Raven's character is very similar to that of Coyote - indeed, the two appear in stories carrying out very similar roles, the former in the North, the latter in the South. Both Coyote and Raven are driven by greed: Raven's for food, Coyote's for more carnal pleasures. A Tlingit storyteller says that "Raven never got full because he had eaten the black spots off his own toes. He learned about this after having inquired everywhere for some way of bringing such a state about. Then he wandered through all the world in search of things to eat." 3 The journeys of Raven form the basis of most of the myths in the region, and he travels around meeting animals of all descriptions and usually succeeds in contests of wit with them, either destroying and eating them or driving them off and securing their food. The Haida people make a distinction between the first part of the Raven cycle, in which he is truly creative, and the latter part, which consists of stories of his more risible behaviour. Young men are not allowed to laugh during the early part of the cycle, which is referred to as "The Old Man Stories". The Old Man Stories take in the creation of the world, sometimes a complex tale such as in the Tlingit and Tsmishian versions, sometimes a simple one, as in the Haida: "Not long ago no land was to be seen. Then there was a little thing on the ocean. This was all open sea. And Raven sat upon this. He said, 'Become dust.' And it became Earth." They also cover one of the most widely known Raven stories, how he stole the Sun, the Stars and the Moon, and also fire (reflecting on the corvine fascination for shiny objects), and the almost universal flood tale, which brought about the end of the Age of Animal Beings and brings about the Age of Men, for which Raven is invariably responsible.

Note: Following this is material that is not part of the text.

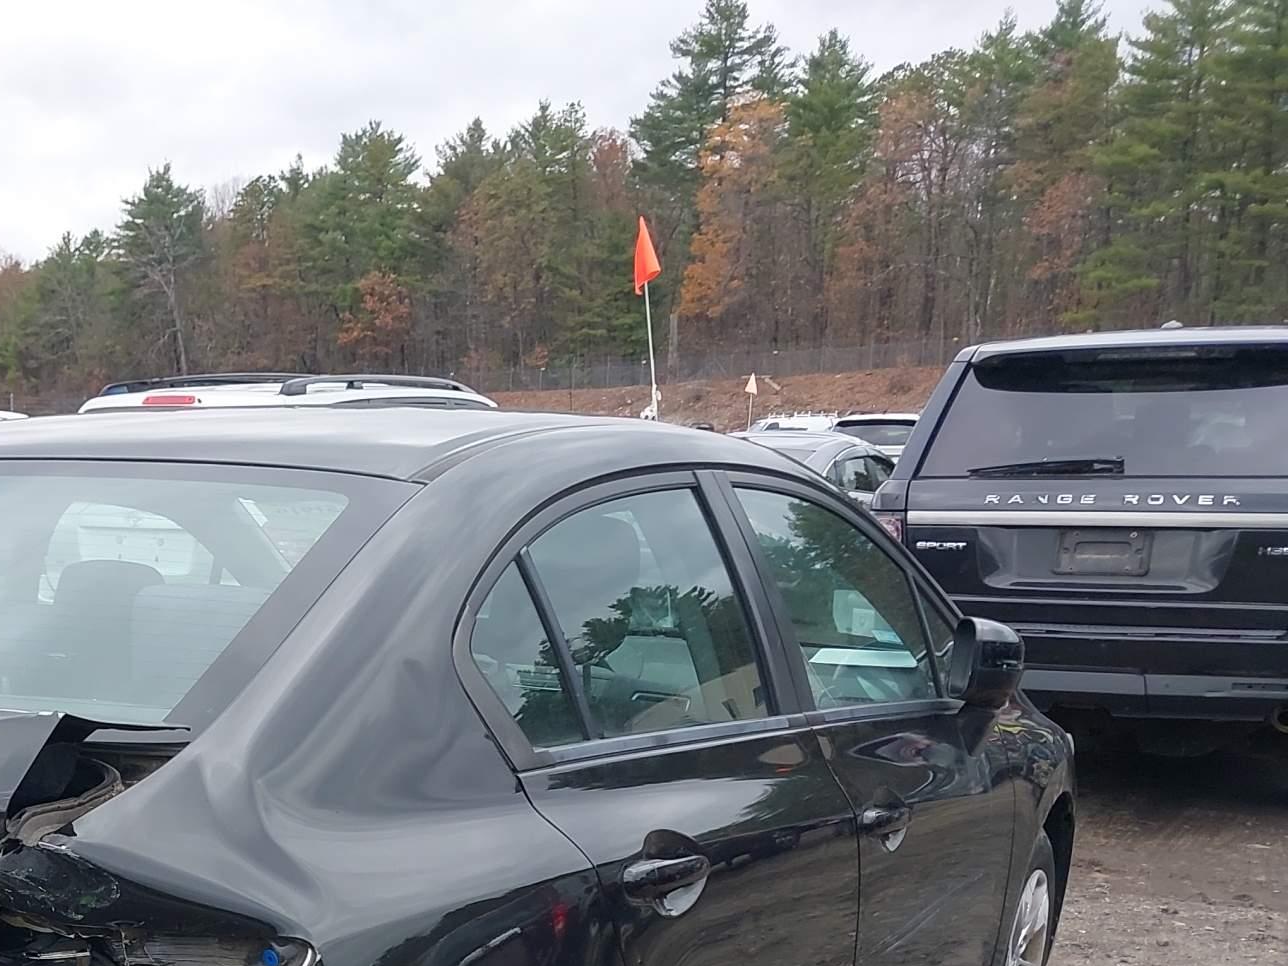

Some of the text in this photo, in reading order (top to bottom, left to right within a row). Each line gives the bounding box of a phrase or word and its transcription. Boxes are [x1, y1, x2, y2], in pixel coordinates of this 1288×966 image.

[983, 494, 1241, 506] RANGE ROVER
[915, 540, 967, 551] SPORT

In this guise, as Great Raven, Dotson' Sa, or Nankilstlas, the irrepressible greed is there, the sarcastic and laconic nature, the almost audible heavy sigh that starts off every conversation (see, for instance, Raven's first words in the story of the whale transcribed by Joseph Campbell 4 ), yet he is a character to be admired and respected, to whom homage is deserving. Although there is no evidence that Raven was ever worshipped, as such, it is said by some that the Northwest peoples did used to leave food out on the beaches for ravens. In this form he is capable of inspiring awe and terror, although always there is that twinkle in the eye and the knowledge that it can be only moments before he says something that will inspire laughter, albeit often irritated laughter as he hits the nail of truth well and truly, and sometimes uncomfortably, on the head. His creative nature usually shows itself through circumstance rather than intent, through the desire to satisfy his own needs, rather than any altruistic principles, but he seems genuinely fond of human beings, as related in "Raven finds the First Men" 5 , amongst others. He is the great shapeshifter, creative magick personified.

In his later, perhaps younger guise, Raven, or Yetl/Yelth, is often the butt of his own jokes; these are the stories in which Raven is often undertaking a position taken by Coyote in the desert and plains regions of the South. In this guise, Raven is at his most devious and tricky, is also cruel, with little thought for anyone or anything other than his own stomach. He will go to great efforts to satisfy his appetite, from tricking his cousin Crow out of his entire Winter's food supply, to tricking Deer into leaping onto some rocks so that he may be devoured, and even tricking an entire tribe into being killed by an avalanche so that he might eat their eyes 6 . He is the Raven at whom the young Haida men are allowed to laugh, but is also the Raven of whom to be most wary. He can be much crueller than his demiurge culture hero self. This Raven will have you in fits of laughter while he distracts you from the fact he is tricking you into doing something for him you may not actually want to do, and which may cost you dearly. This Raven is also a great shapeshifter, and uses his ability to aid him in deceiving others to do as he wishes.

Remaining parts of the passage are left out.